The mean and variance of 7 observations are 8 and 16 respectively. If two observations are 6 and 8, then the variance of the remaining 5 observations is:

We have 7 observations whose mean is given as $$\bar{x}=8$$. The definition of the mean says

$$\bar{x}=\dfrac{\sum_{i=1}^{7}x_i}{7}\;.$$

Substituting $$\bar{x}=8$$, we obtain

$$8=\dfrac{\sum_{i=1}^{7}x_i}{7}\;.$$

Multiplying both sides by 7,

$$\sum_{i=1}^{7}x_i = 7 \times 8 = 56\;.$$

Out of these 7 observations, two are specifically known: $$6$$ and $$8$$. Removing them from the total, the sum of the remaining 5 observations is

$$\sum_{i=1}^{5}y_i = 56-6-8 = 42\;.$$

Now we need their variance.

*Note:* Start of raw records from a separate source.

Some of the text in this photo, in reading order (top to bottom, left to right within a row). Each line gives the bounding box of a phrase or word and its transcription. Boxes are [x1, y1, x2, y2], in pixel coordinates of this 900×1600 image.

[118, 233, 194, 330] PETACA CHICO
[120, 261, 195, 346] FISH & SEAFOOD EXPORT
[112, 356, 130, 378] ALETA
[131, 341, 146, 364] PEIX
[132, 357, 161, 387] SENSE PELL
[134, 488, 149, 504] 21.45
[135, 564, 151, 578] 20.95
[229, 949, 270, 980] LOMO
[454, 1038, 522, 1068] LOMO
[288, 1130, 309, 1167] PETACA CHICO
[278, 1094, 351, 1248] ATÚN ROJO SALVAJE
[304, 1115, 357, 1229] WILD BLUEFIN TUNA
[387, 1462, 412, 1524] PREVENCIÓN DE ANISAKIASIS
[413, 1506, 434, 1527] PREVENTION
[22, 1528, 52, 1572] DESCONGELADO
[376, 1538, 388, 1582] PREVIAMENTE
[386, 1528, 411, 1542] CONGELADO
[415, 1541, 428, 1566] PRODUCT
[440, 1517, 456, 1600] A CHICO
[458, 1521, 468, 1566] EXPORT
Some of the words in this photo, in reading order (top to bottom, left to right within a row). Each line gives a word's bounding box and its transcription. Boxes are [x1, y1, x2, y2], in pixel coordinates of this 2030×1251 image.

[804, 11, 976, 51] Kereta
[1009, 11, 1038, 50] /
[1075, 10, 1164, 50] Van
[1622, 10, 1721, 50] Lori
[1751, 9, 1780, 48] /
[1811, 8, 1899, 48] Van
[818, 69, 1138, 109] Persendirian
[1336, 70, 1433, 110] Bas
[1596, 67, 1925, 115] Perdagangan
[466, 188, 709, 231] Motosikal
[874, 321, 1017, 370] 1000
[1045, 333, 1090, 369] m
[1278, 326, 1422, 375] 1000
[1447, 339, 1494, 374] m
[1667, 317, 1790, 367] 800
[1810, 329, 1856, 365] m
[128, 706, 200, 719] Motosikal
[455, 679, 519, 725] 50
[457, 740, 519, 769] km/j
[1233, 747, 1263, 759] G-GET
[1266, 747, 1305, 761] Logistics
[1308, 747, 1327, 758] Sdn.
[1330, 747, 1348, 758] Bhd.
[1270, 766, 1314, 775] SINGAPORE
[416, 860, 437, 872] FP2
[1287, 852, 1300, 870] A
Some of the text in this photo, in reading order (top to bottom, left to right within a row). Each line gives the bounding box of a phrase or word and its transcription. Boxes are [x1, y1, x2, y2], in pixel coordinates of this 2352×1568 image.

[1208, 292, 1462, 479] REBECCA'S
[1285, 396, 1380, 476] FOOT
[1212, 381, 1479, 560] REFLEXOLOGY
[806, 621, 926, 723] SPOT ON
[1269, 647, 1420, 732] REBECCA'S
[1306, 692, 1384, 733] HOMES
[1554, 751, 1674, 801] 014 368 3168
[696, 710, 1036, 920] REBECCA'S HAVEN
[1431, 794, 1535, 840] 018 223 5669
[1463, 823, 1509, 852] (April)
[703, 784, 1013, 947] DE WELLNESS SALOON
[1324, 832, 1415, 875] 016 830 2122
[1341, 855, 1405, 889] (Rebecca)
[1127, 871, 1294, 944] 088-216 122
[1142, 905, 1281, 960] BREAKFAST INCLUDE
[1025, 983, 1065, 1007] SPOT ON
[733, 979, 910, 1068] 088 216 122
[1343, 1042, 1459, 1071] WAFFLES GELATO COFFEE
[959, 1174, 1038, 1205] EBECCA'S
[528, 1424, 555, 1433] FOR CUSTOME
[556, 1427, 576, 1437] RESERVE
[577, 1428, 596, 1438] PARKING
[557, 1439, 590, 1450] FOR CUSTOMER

First we recall the population variance formula (division by the number of observations):

$$\sigma^{2}=\dfrac{\sum x_i^{2}}{n}-\bar{x}^{2}\;.$$

The variance of all 7 observations is given as $$16$$, so with $$n=7$$ we write

$$16=\dfrac{\sum_{i=1}^{7}x_i^{2}}{7}-8^{2}\;.$$

Adding $$8^{2}=64$$ to both sides,

$$16+64=\dfrac{\sum_{i=1}^{7}x_i^{2}}{7}\;,$$

$$80=\dfrac{\sum_{i=1}^{7}x_i^{2}}{7}\;.$$

Multiplying by 7,

$$\sum_{i=1}^{7}x_i^{2}=7 \times 80 = 560\;.$$

Next, we subtract the squares of the two known observations to isolate the sum of squares of the remaining five. Their squares are $$6^{2}=36$$ and $$8^{2}=64$$, whose sum is $$36+64=100$$. Therefore,

$$\sum_{i=1}^{5}y_i^{2}=560-100=460\;.$$

For the five residual observations we already found that their sum is $$42$$, so their mean is

$$\bar{y}=\dfrac{42}{5}=8.4\;.$$

Using the same variance formula for these five observations (now $$n=5$$), we have

$$\sigma_{y}^{2}=\dfrac{\sum_{i=1}^{5}y_i^{2}}{5}-\bar{y}^{2}\;.$$

Substituting the values,

$$\sigma_{y}^{2}=\dfrac{460}{5}-(8.4)^{2}\;.$$

Computing each term:

$$\dfrac{460}{5}=92,\qquad (8.4)^{2}=70.56\;.$$

Hence,

$$\sigma_{y}^{2}=92-70.56=21.44\;.$$

Now we change $$21.44$$ to an exact fraction. Observe that

$$21.44 = 21 + 0.44 = 21 + \dfrac{44}{100} = 21 + \dfrac{11}{25}= \dfrac{525}{25}+\dfrac{11}{25}= \dfrac{536}{25}\;.$$

Thus the variance of the remaining five observations is

$$\boxed{\dfrac{536}{25}}\;.$$

Hence, the correct answer is Option D.